NEVADA – Liza was just about 10 days old when she was rescued from a storm drain.

The gray kitten’s eyes were extremely infected; by the time she made it to a veterinarian, her stubby claws bloody and raw from hanging onto drain’s metal gratings, she was declared blind. Rescued by a dog and a family who were just out for a walk, she never got to see the world.

After her health was more stabilized, the kitten was sent to Nevada Society for the Prevention of Cruelty to Animals, where she met her foster mom, Sonja Wiker.

The kitten tumbled off the sofa as Wiker was watching Liza Minnelli star in “Cabaret.” She hit the floor but gained a name.

The fall didn’t stop Liza from wandering either; neither does her blindness.

“Nobody told her she was blind,” the Las Vegas resident explained as she cradled Liza after bottle-feeding her. “She’s not afraid.”

Liza is one of the estimated 2,200 kittens which the Nevada Society for the Prevention of Cruelty to Animals, a local no-kill animal shelter, is expected to save by summer’s end.

Executive director Doug Duke explained that March through the end of September brings an influx of motherless kittens, the result of cat breeding season, warm weather and holidays.

“Truly, Fourth of July, there’s no other time like it. It’s just like a perfect storm between the fireworks and the pregnant animals on the streets,” he stated.

“When it was 250 (motherless kittens) through the spring and summer, we thought, ‘Well, it can’t get any worse than this.’”

However, it did. The week following the Fourth of July, Duke said the shelter was slammed with 168 motherless kittens. As of June 8, the shelter placed more than 300 kittens in foster care.

Shrieking bottle rockets and exploding cherry bombs in backyards can scare mother cats or their newborn litters, causing them to flee and separate, he explained.

Suddenly abandoned, the kittens end up just wandering the streets, said Janean Sechrist, a volunteer. Summer storms don’t help much either, Sechrist noted; kittens often will float away in storm drains, as Liza did.

“We get all kinds of stories,” she went on to say, “but they survive.”

So far just this year, the shelter has taken in approximately 1,800 kittens from other shelters, organizations and the streets. Back in 2012, the shelter saw about 250 rescues. Because of its no-kill status, the Nevada SPCA,will help other organizations with overflow.

By taking in kittens at a rate of at least one dozen a day, the shelter knows it will see a 100 percent increase over 2015’s 1,100 kitten rescues, Duke stated. The cost to take care of each kitten is hard to pinpoint; it can vary depending on medical needs.

Duke also explained that the shelter is now building a strong network of foster families, which are needed for kittens to survive their first 12 weeks of life. That’s just when they need a home to get used to being around people.

Most of all, having foster families lets the shelter free some very much needed space for other incoming animals.

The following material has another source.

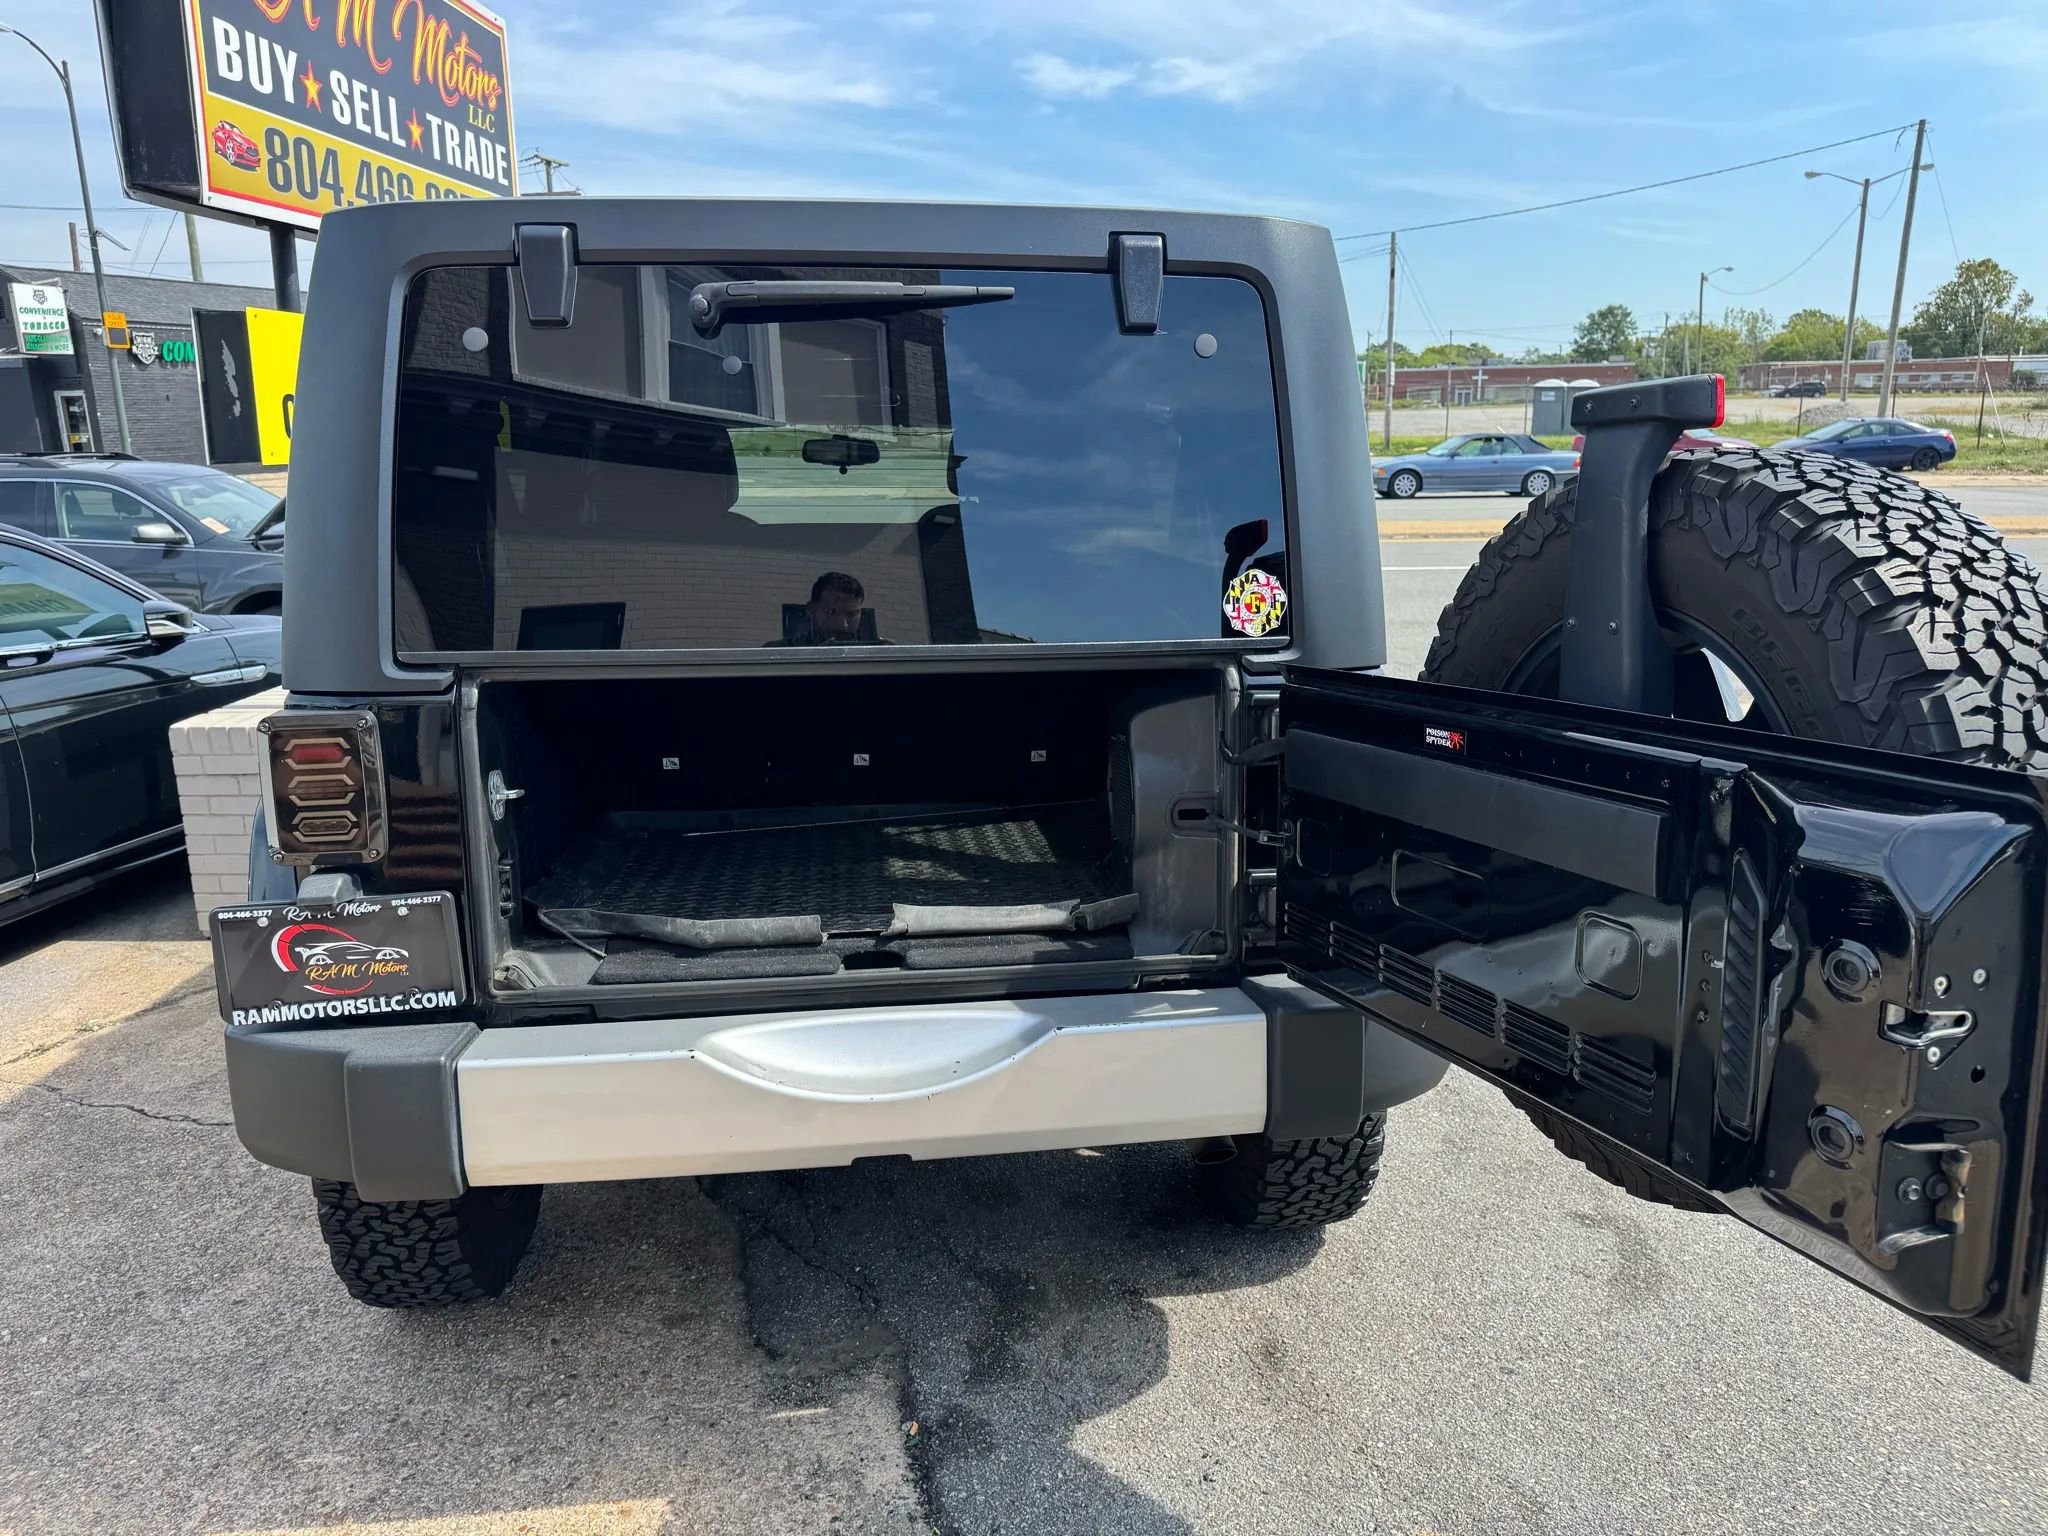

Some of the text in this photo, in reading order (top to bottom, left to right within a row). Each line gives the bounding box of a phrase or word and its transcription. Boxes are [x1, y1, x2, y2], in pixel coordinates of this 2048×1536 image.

“In spite of the size of the building, there’s no way to take in hundreds of kittens all under one roof,” Duke stated. “But by people taking them home, more and more can be rescued.”

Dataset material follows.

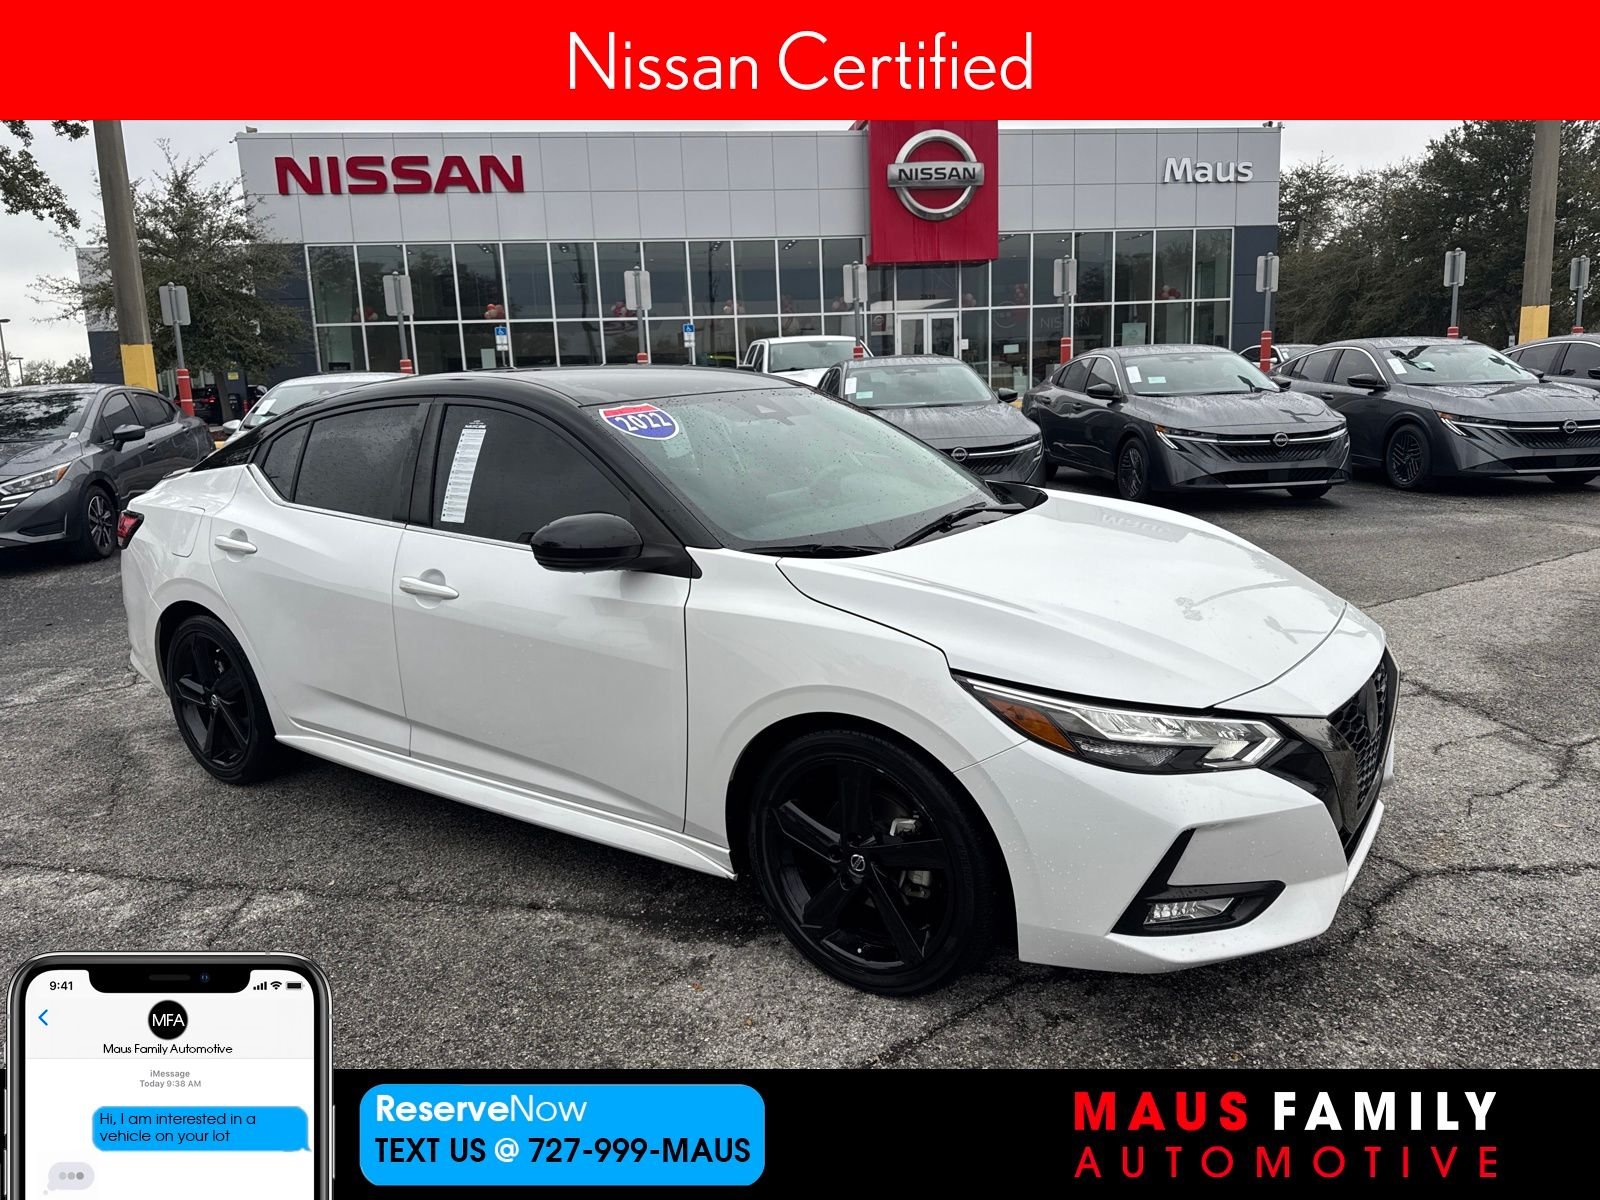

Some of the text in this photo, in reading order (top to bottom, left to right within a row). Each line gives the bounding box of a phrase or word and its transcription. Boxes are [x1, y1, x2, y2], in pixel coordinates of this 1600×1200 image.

[275, 155, 524, 196] NISSAN
[898, 166, 976, 182] NISSAN
[1163, 156, 1254, 183] Maus
[615, 412, 673, 432] 2022

Duke said most of his hundreds of volunteers are active foster parents. Anyone with “a tender touch and a gentle voice” may become one, he said.

Animals in need always go home with various shelter volunteers, Duke said.

“Sometimes they know they’re taking babies who are very unlikely to survive,” he stated. “There’s a chance, though, so they take them.”

After just 12 weeks, the kittens are ready for spaying or neutering and adoption. About 15 percent of the time, kittens who are fostered will be adopted out by their foster family. Other times, shelter visitors may take them.

“They get adopted right there in the lobby and go home,” Duke stated.

For Wiker, fostering Liza means allowing the kitten crawl around and explore her surroundings, even if she stumbles a few times.

And even though little Liza can’t see what her future holds, she has the comfort of knowing that the Nevada SPCA will do their best to guide her to a forever home. And hopefully, that will be enough.